→ Exercise aim: Without including any images, repeat the data exactly.

→ Supplied information:
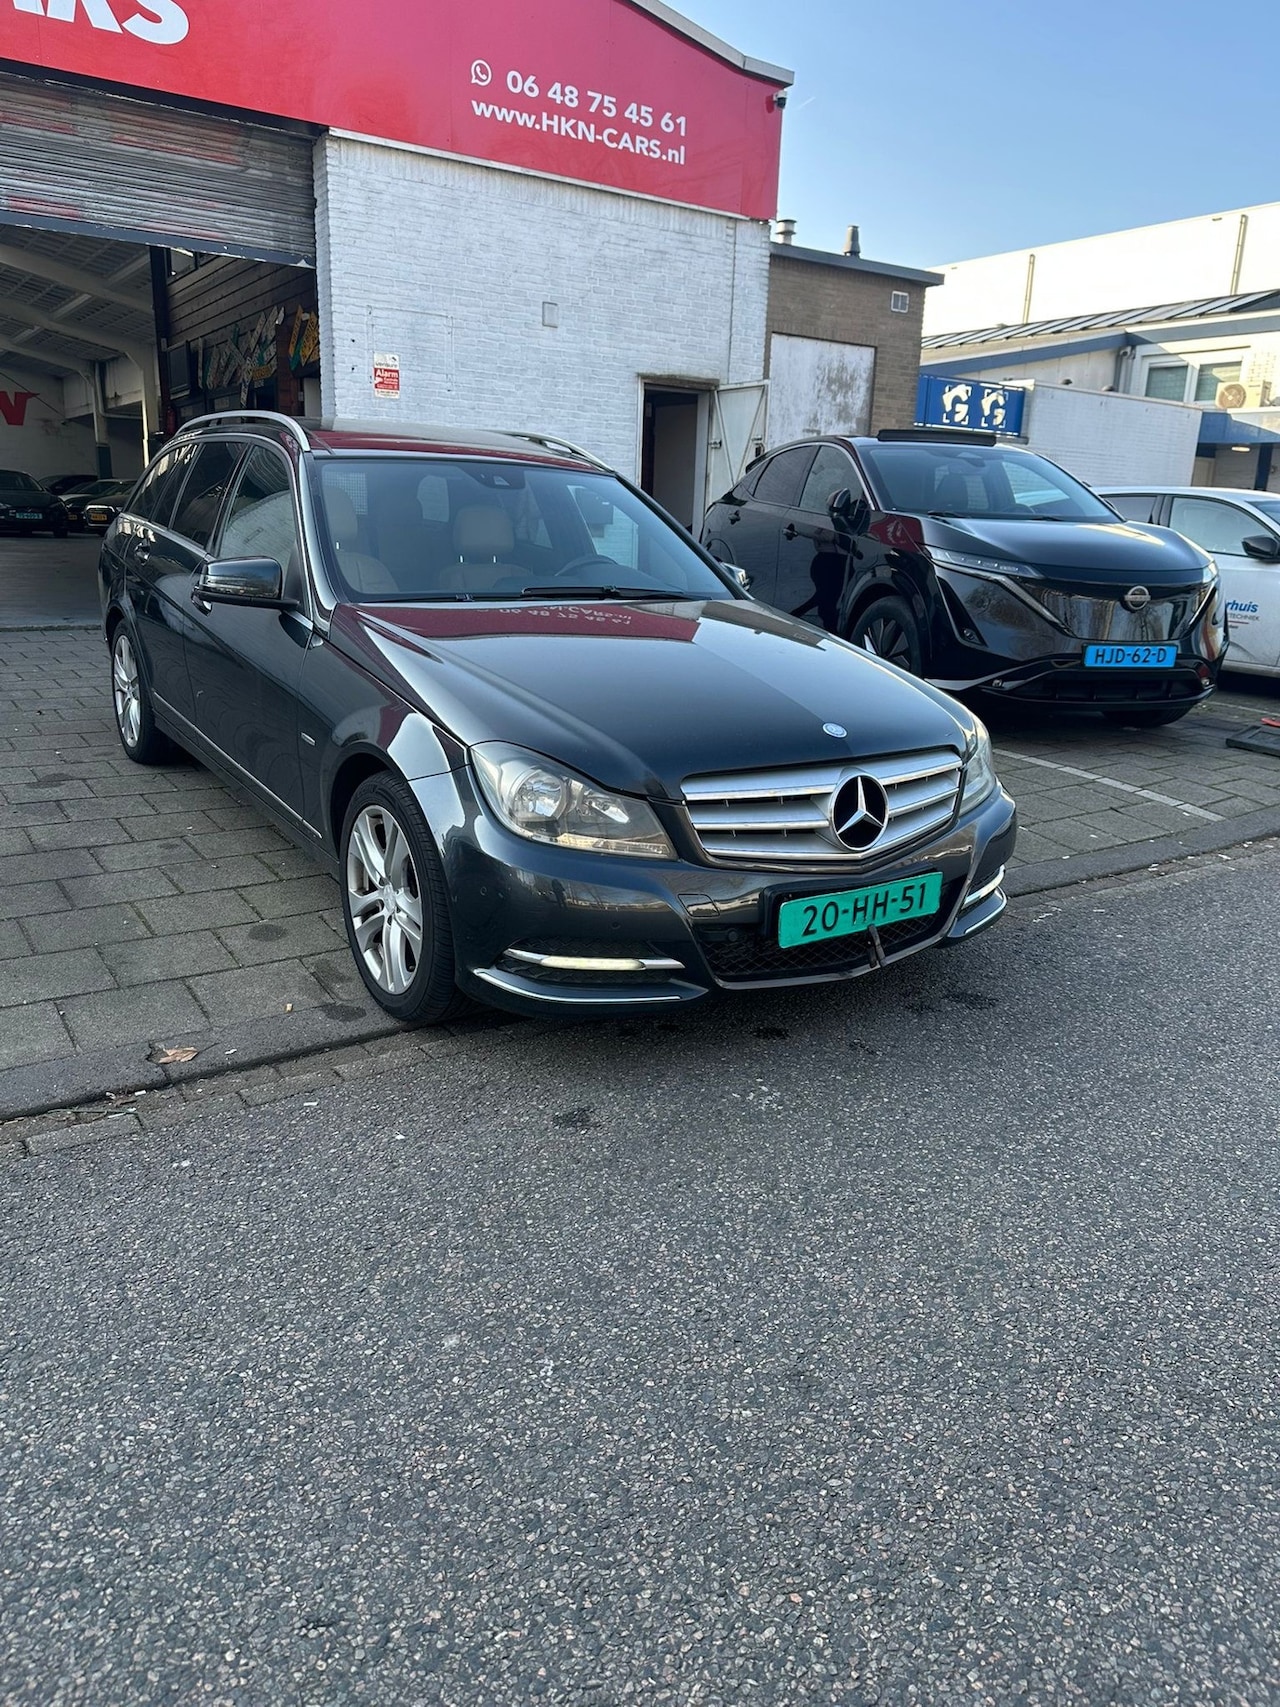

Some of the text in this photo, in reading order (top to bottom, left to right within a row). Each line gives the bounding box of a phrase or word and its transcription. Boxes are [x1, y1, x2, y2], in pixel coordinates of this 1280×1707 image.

[506, 70, 686, 137] 06 48 75 45 61
[471, 100, 685, 165] www.HKN-CARS.nl
[375, 369, 398, 378] Alarm
[1095, 648, 1167, 664] HJD-62-D
[802, 882, 926, 937] 20-HH-51
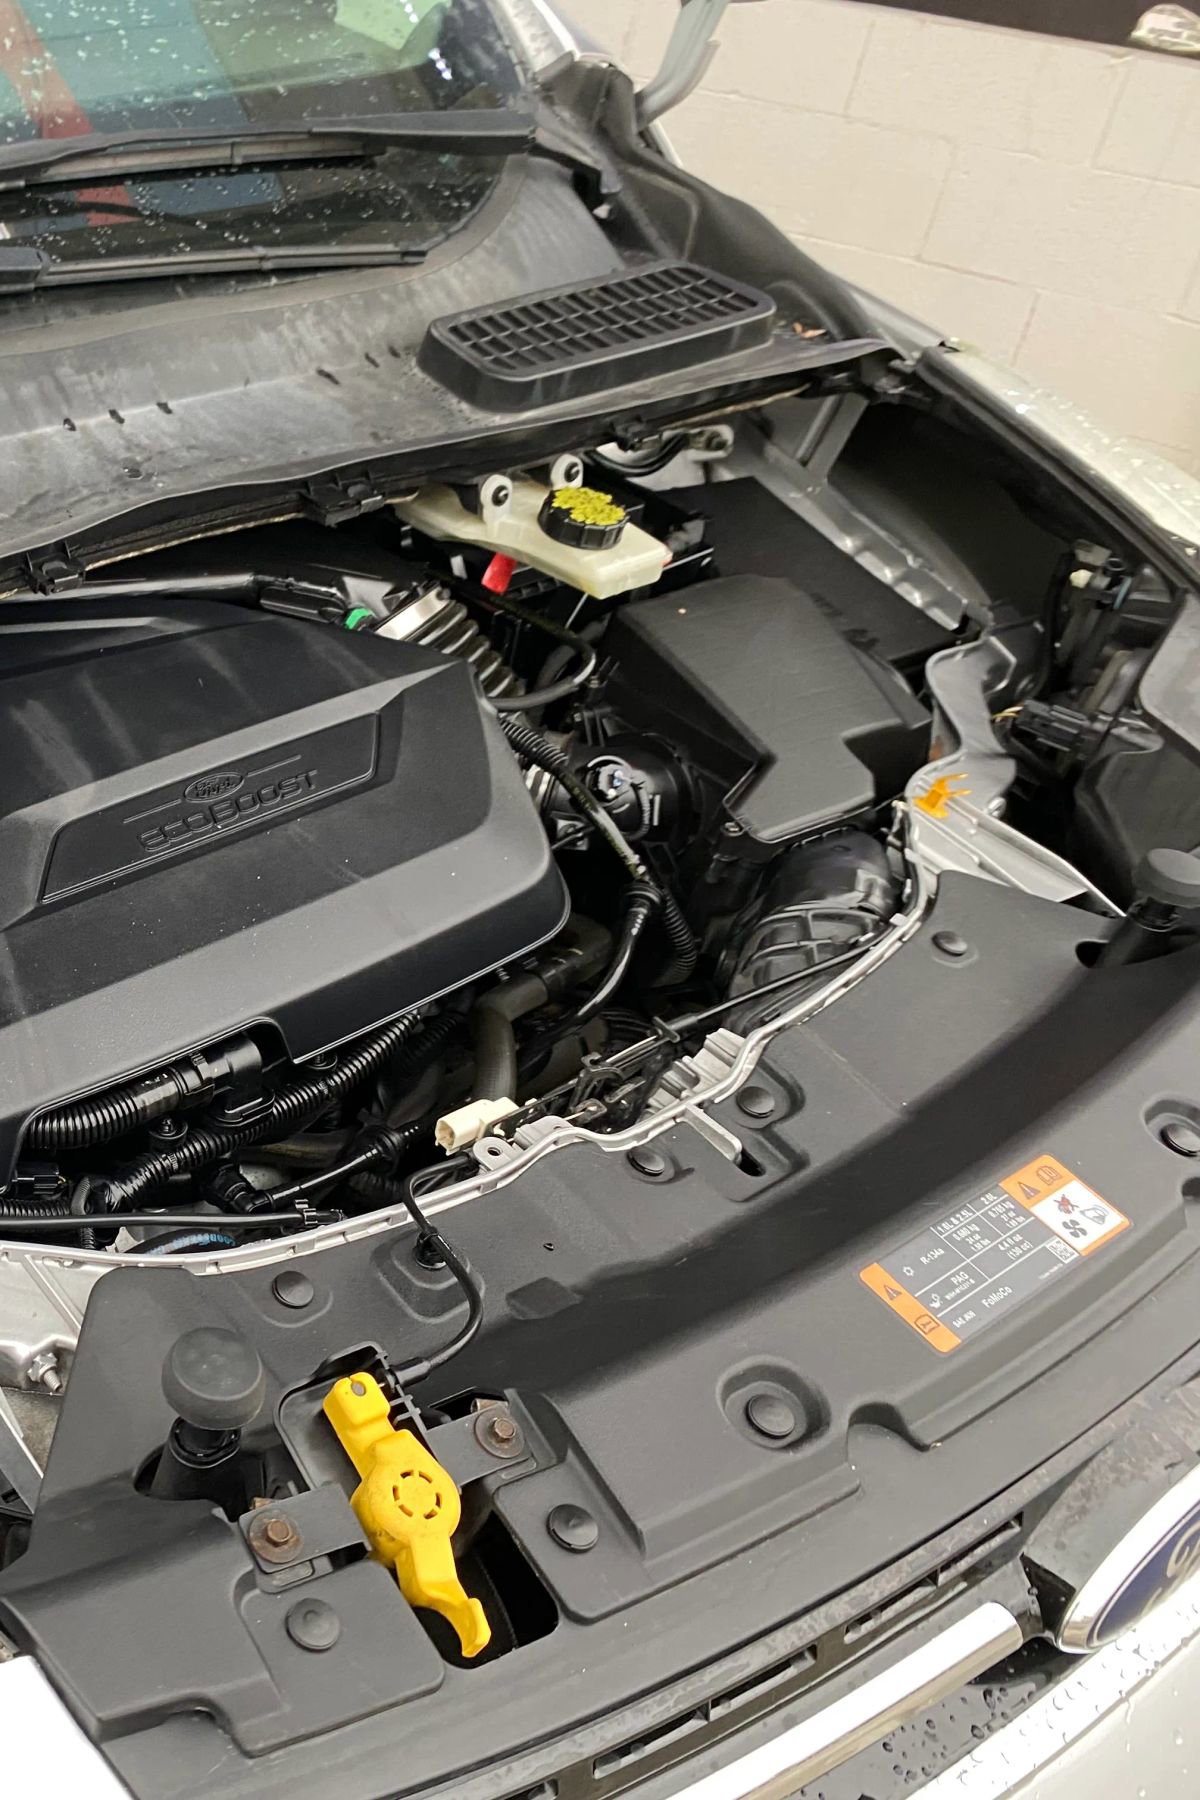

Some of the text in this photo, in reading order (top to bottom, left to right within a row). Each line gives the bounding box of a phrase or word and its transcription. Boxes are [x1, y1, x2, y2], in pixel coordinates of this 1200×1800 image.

[980, 1192, 998, 1205] 2.0L
[1002, 1200, 1015, 1209] kg
[936, 1208, 974, 1233] 1.6L & 2.5L
[966, 1223, 981, 1232] kg
[919, 1247, 945, 1265] R-134a
[950, 1270, 970, 1286] PAG
[981, 1285, 1013, 1309] FoMoCo

→ Written answer:
Some of the text in this photo, in reading order (top to bottom, left to right within a row). Each line gives the bounding box of a phrase or word and its transcription. Boxes are [x1, y1, x2, y2], in pixel coordinates of this 1280×1707 image.

[506, 70, 686, 137] 06 48 75 45 61
[471, 100, 685, 165] www.HKN-CARS.nl
[375, 369, 398, 378] Alarm
[1095, 648, 1167, 664] HJD-62-D
[802, 882, 926, 937] 20-HH-51

Some of the text in this photo, in reading order (top to bottom, left to right within a row). Each line gives the bounding box of a phrase or word and its transcription. Boxes are [x1, y1, x2, y2], in pixel coordinates of this 1200×1800 image.

[980, 1192, 998, 1205] 2.0L
[1002, 1200, 1015, 1209] kg
[936, 1208, 974, 1233] 1.6L & 2.5L
[966, 1223, 981, 1232] kg
[919, 1247, 945, 1265] R-134a
[950, 1270, 970, 1286] PAG
[981, 1285, 1013, 1309] FoMoCo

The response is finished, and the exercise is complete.